WO2011089654A1

WO2011089654A1 - Display lock device

Info

Publication number: WO2011089654A1
Application number: PCT/JP2010/000392
Authority: WO
Inventors: 廣田秀行
Original assignee: 三菱電機株式会社
Priority date: 2010-01-25
Filing date: 2010-01-25
Publication date: 2011-07-28
Also published as: US20120151723A1; JPWO2011089654A1; JP5355719B2

Abstract

When a display section (3) is pressed, a clamper (12) is also pressed together with the display section (3), and a rotational drive section within a holder (17) converts the reciprocating motion of the clamper (12) to rotational motion, and rotates the clamper (12). An engagement protrusion (12a) engages with and disconnects from an engagement recess (6a) in the display section (3) in accordance with the rotation of the clamper (12), thus switching the display section (3) between a locked-state and a lock-released state.

Description

Display lock device

This invention relates to a display lock device that locks the opening and closing of a display.

In conventional ceiling-mounted display devices, the display unit is connected to a housing fixed to the ceiling so that it can be opened and closed.
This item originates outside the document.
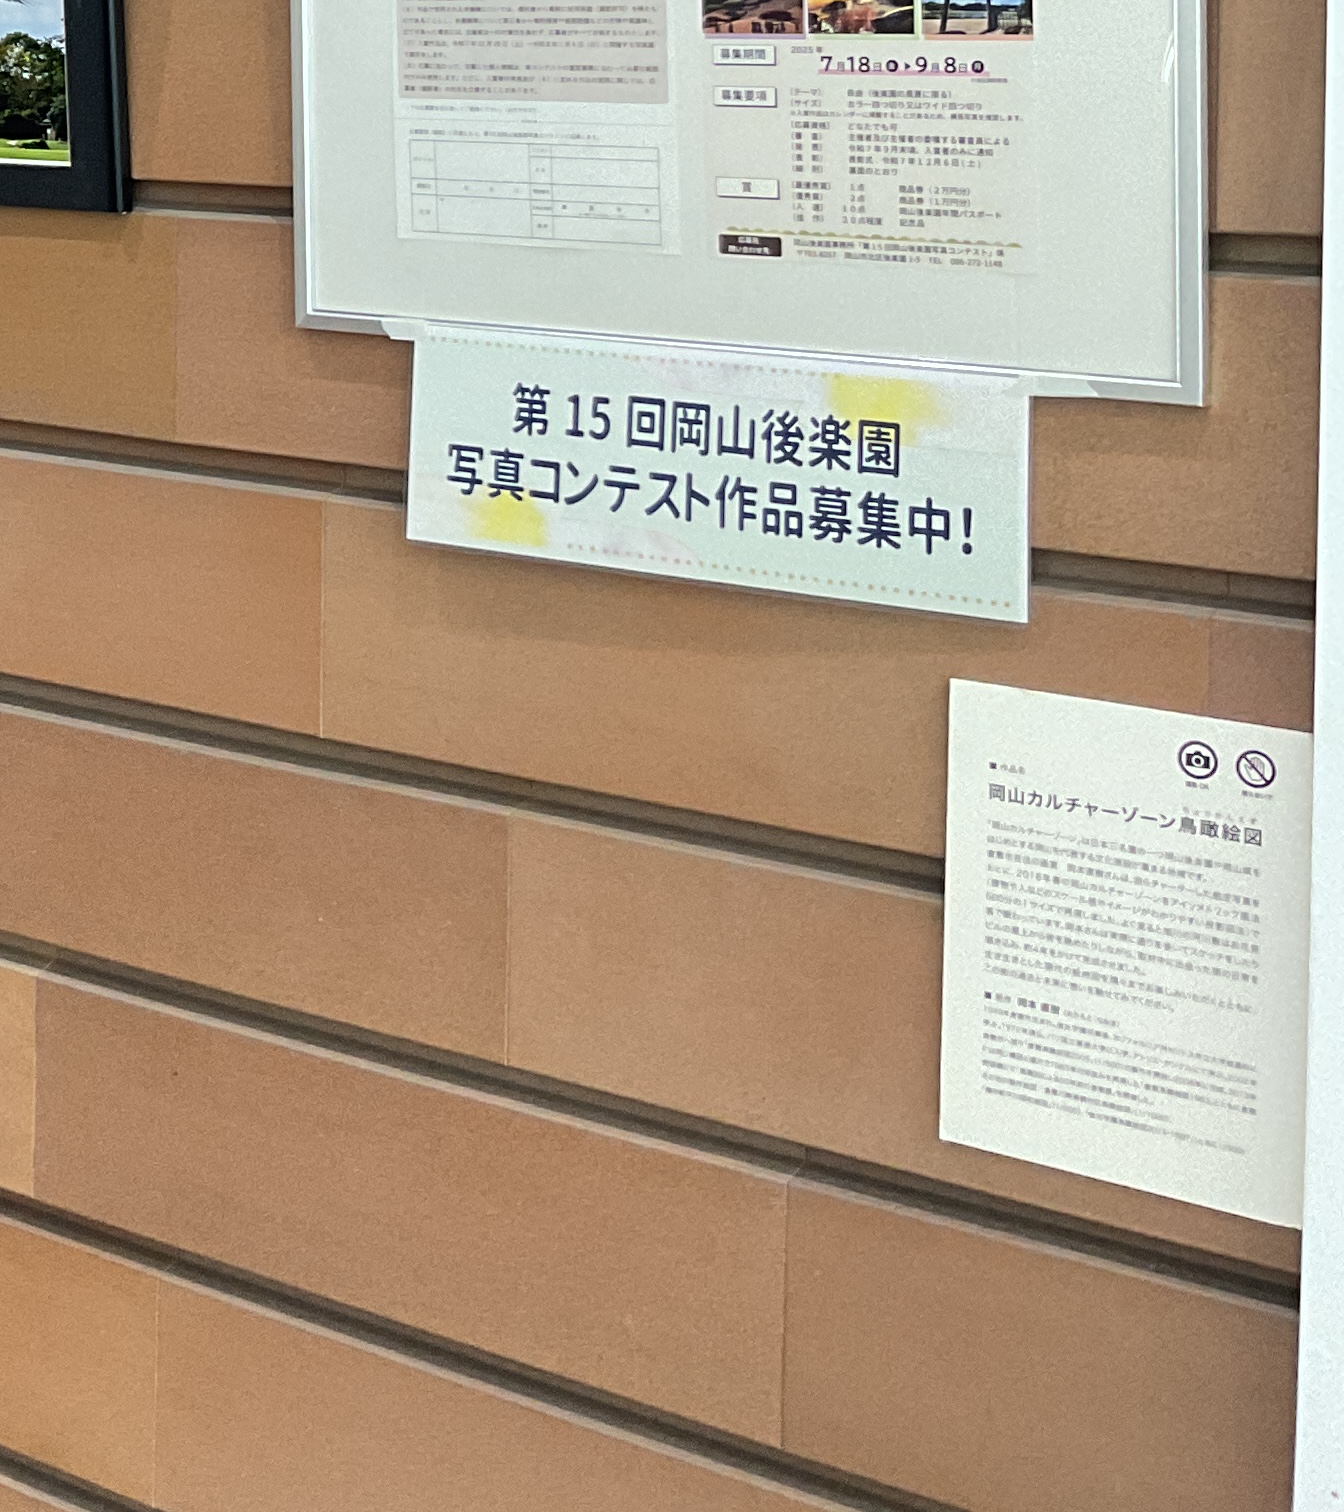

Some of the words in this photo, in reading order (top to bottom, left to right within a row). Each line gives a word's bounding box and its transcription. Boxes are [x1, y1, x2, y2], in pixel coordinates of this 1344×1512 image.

[446, 442, 975, 557] 写真コンテスト作品募集中!
When the display unit is not in use, the display unit is stored in the housing and locked. Is released, the display unit is opened below the housing, and the screen is directed toward the viewer.

In order to lock the display unit in the state of being housed in the housing, an unlock button is arranged on the lower surface of the housing, a clamper interlocking with the unlock button is provided in the housing, and an engagement hole provided on a side surface of the display unit is provided. Engage the clamper. When the viewer presses the lock release button, the clamper moves in conjunction with the lock release button and comes out of the engagement hole, so that the display unit can be opened and closed.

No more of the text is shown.